James Madison, Adam Smith, and The Narrow Corridor

invisible hand friedrich hayek james madison daron acemoglu james t. robinson the federalist

November 3, 2021

Why do some nations fail? What is necessary for nations to succeed?

In 2012, economist Daron Acemoglu and political scientist James T. Robinson wrote a book Why Nations Fail, The Origins of Power, Prosperity, and Poverty. They concluded that for a nation to succeed, it must provide a well-defined legal set of rules, an enforceable legal system with no restriction on the free flow of information. In 2019, these authors wrote a sequel, The Narrow Corridor, States, Societies, and the Fate of Liberty. In this book, they argue that liberty is the goal that rational people pursue—but in doing so, a society must find a balance between the needs of individuals and the needs of society. This balance, or what the authors call a “corridor” can be quite narrow, as demonstrated by the many nations that have recently moved away from liberal reform to freely-elected authoritarian governments. To many of us, this seems a surprise; but it should not be. 


Consider this: when people are asked if they prefer liberty to slavery, the expected response is “I prefer liberty;” but what they say and what they do may be two different things. In recent years, nations that have experienced liberal reform have reversed themselves and have voluntarily elected authoritarian governments. By doing so, people are relinquishing their liberty. The political economist Friedrich A. Hayek warned in his classic 1944 The Road to Serfdom that liberty is too precious a gift to be so easily relinquished. 


To most of us, relinquishing precious liberty seems irrational behavior; yet to the impatient seeking economic security and to the inexperienced having not lived under despotism, that decision may seem perfectly rational.
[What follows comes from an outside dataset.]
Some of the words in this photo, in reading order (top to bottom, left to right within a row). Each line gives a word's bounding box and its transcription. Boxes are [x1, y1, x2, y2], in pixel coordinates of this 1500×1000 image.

In fact, studies show that many people accustomed to freedom take liberty for granted and are simply unaware when their liberties are initially taken away. Consistent apathy and complacency shown by low voting confirm this observation.


To retain liberty, the corridor must be maintained—but how is this accomplished? A bit of history is helpful. The balanced corridor is designed to curb excessive power of the private and public sectors. When we think of a way to balance power, we normally think of American Founding Father James Madison and his Federalist 10  which advocated the checks and balances of separation of administrative powers and separation of competing factional groups. Indeed, the checks and balances concept is designed to create the needed corridor. If I am correct, then it is surprising that Madison is given no credit in the Acemoglu and Robinson book. 
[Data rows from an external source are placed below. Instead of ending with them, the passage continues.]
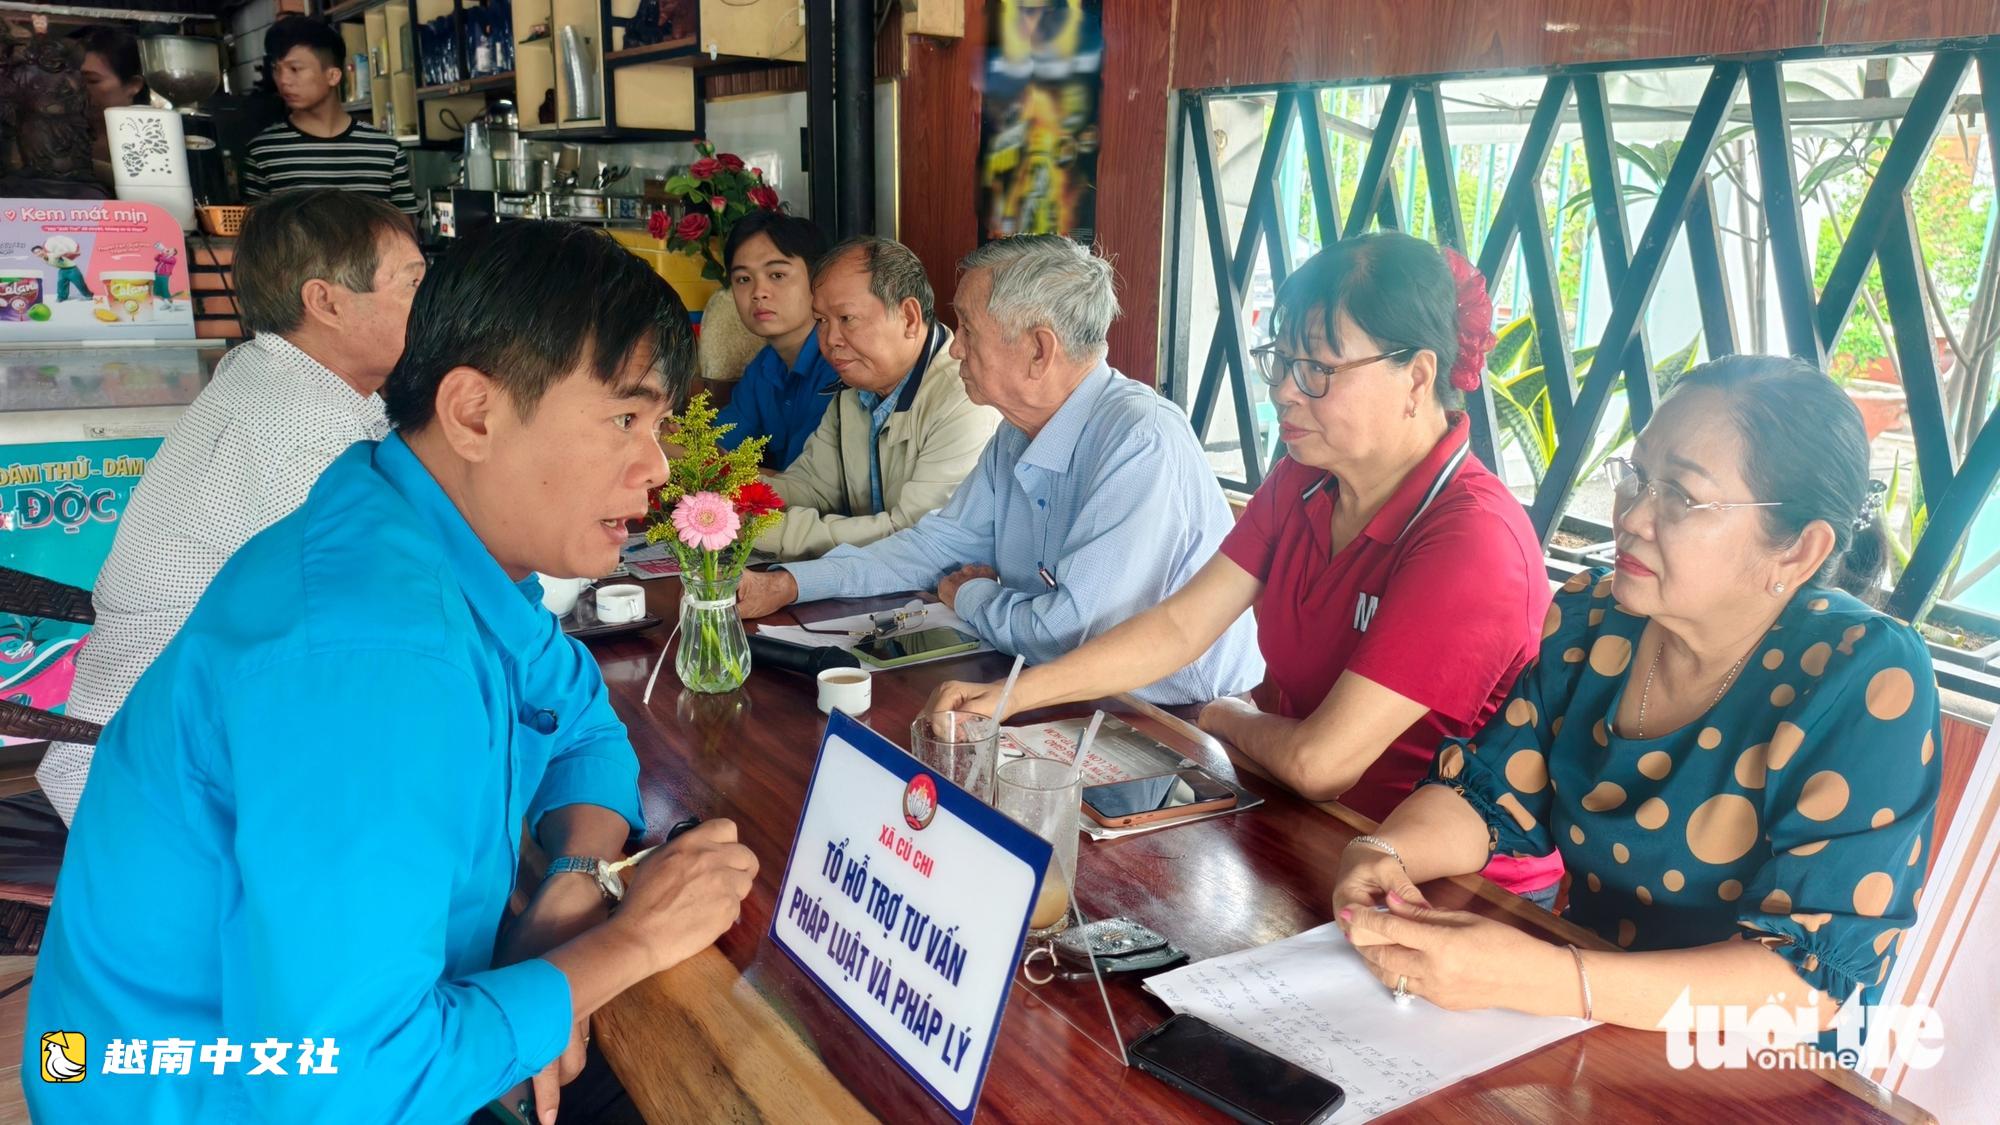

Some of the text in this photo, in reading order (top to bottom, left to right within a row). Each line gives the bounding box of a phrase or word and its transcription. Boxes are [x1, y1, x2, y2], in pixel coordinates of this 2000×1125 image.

[20, 206, 148, 224] Kem mát mịn
[42, 455, 91, 482] THỬ
[14, 482, 117, 534] ĐỘC
[878, 824, 935, 878] XÃ CỦ CHI
[822, 837, 968, 987] TỔ HỖ TRỢ TƯ VẤN
[788, 886, 972, 1073] PHÁP LUẬT VÀ PHÁP LÝ
Similarly, we rarely or never think of Scottish political economist Adam Smith in reference to the corridor concept or apply the term “checks and balances” when analyzing his works. However, Smith’s Theory of Moral Sentiments and the Wealth of Nations are powerful examples of how to balance private and public interests. Smith’s key to maintaining this balance of power is competition in the private sector and preventing the public sector in pursuit of correcting private market failures from driving out—accidentally or intentionally—the more efficient and equitable private sector. Historian William D. Grampp in Economic Liberalism, commenting on this topic says, ”… in order to maintain freedom, rivalry must be maintained…competition is the method of maintaining and also of controlling rivalry in both its economic and political aspects. The Federalist conception of political competition is analogous to the conception of economic competition in classical economics.” (1)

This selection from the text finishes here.